Traffic Filters Examples
Traffic Filter Examples
This section provides practical examples of applying traffic filters to refine search results. These examples demonstrate how to use specific query parameters to filter traffic data based on time, protocol, IP addresses, and other attributes, helping to streamline analysis and improve network visibility.
The following examples demonstrate how to use the search function in the Traffic tab.
Each example includes setting the Start Date and End Date (with a quick filter option for the last day or hour) and entering a query string in the search textbox.
Detailed explanations of these examples are provided in the following sections.
AND Example:
The AND filter is used to optimize search results by including multiple conditions that must all be met.
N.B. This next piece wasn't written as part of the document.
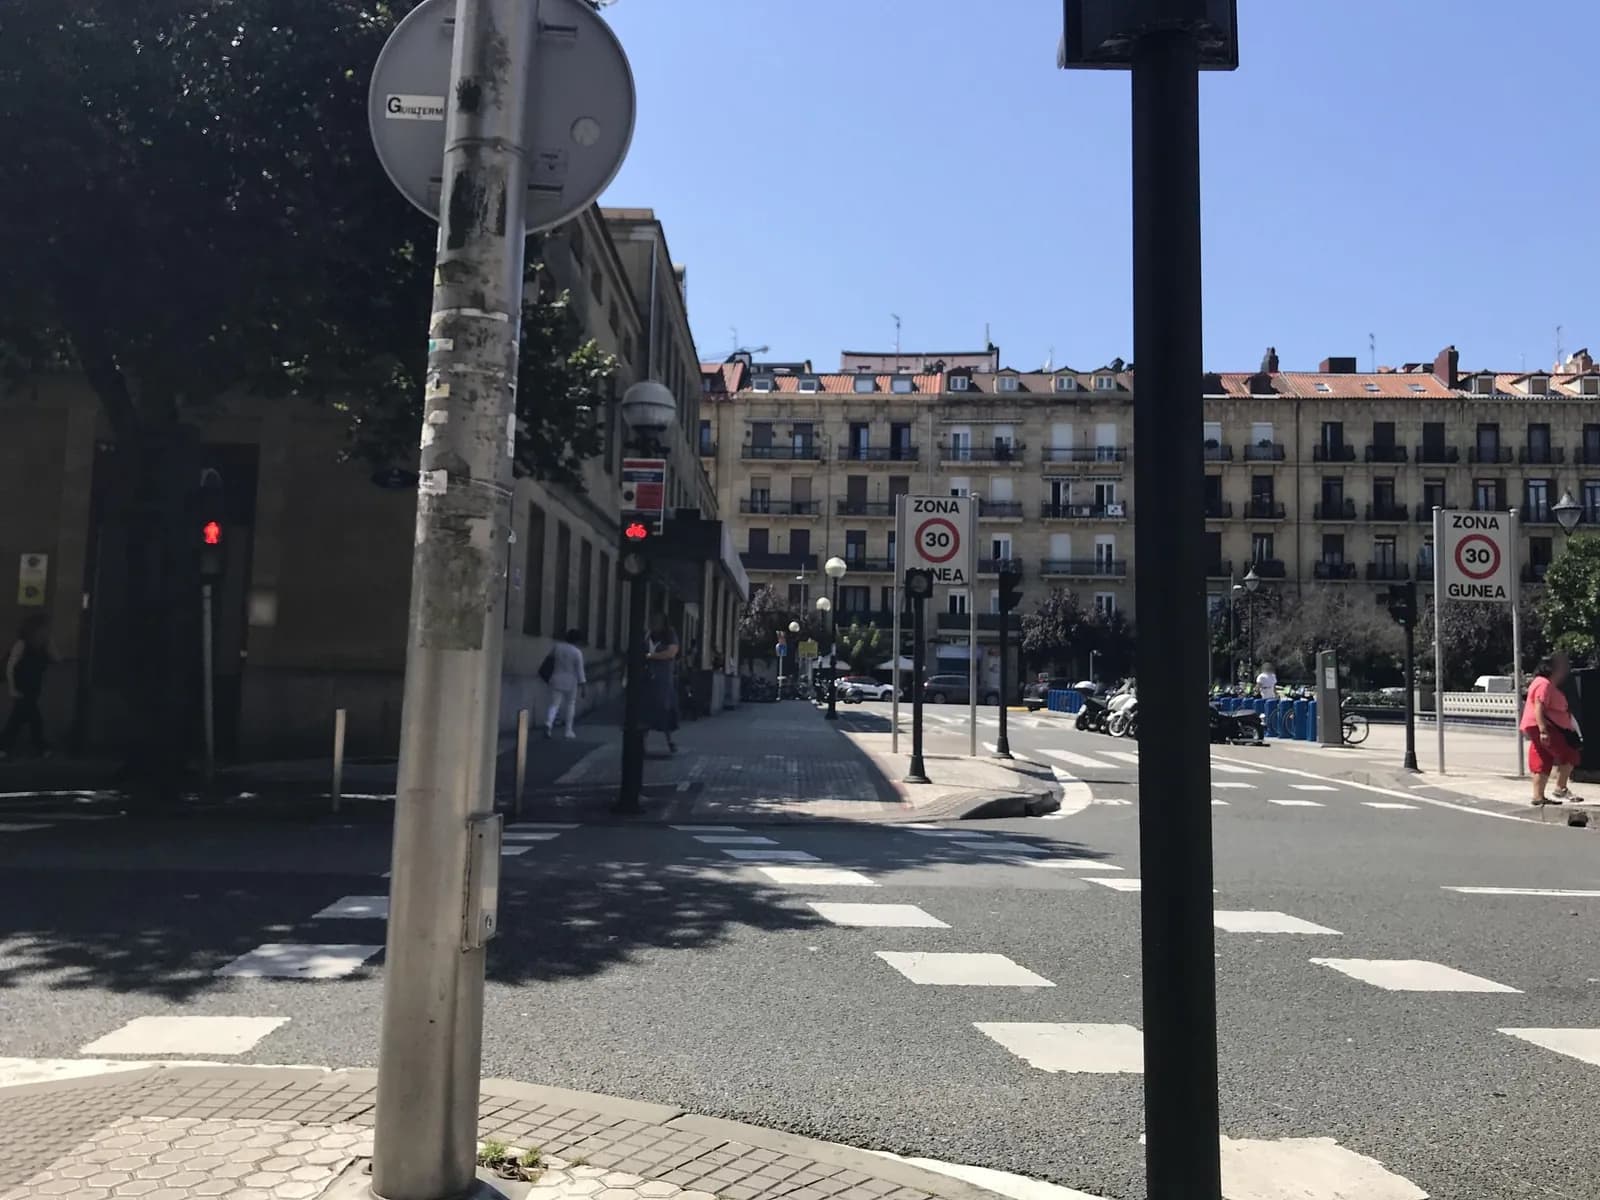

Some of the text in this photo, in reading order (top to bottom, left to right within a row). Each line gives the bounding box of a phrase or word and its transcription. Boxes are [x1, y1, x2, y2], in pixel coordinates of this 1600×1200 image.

This helps in narrowing down traffic data to match specific criteria.
SrcIP:"192.168.***.***" AND NOT DestIP:"192.168.***.***"
Suppose there is a need to filter network traffic to display only UDP traffic originating from a specific source IP address. Applying the AND filter ensures that only results meeting both conditions are included in the search output.
Protocol:"UDP" AND SrcIP:"192.168.***.**"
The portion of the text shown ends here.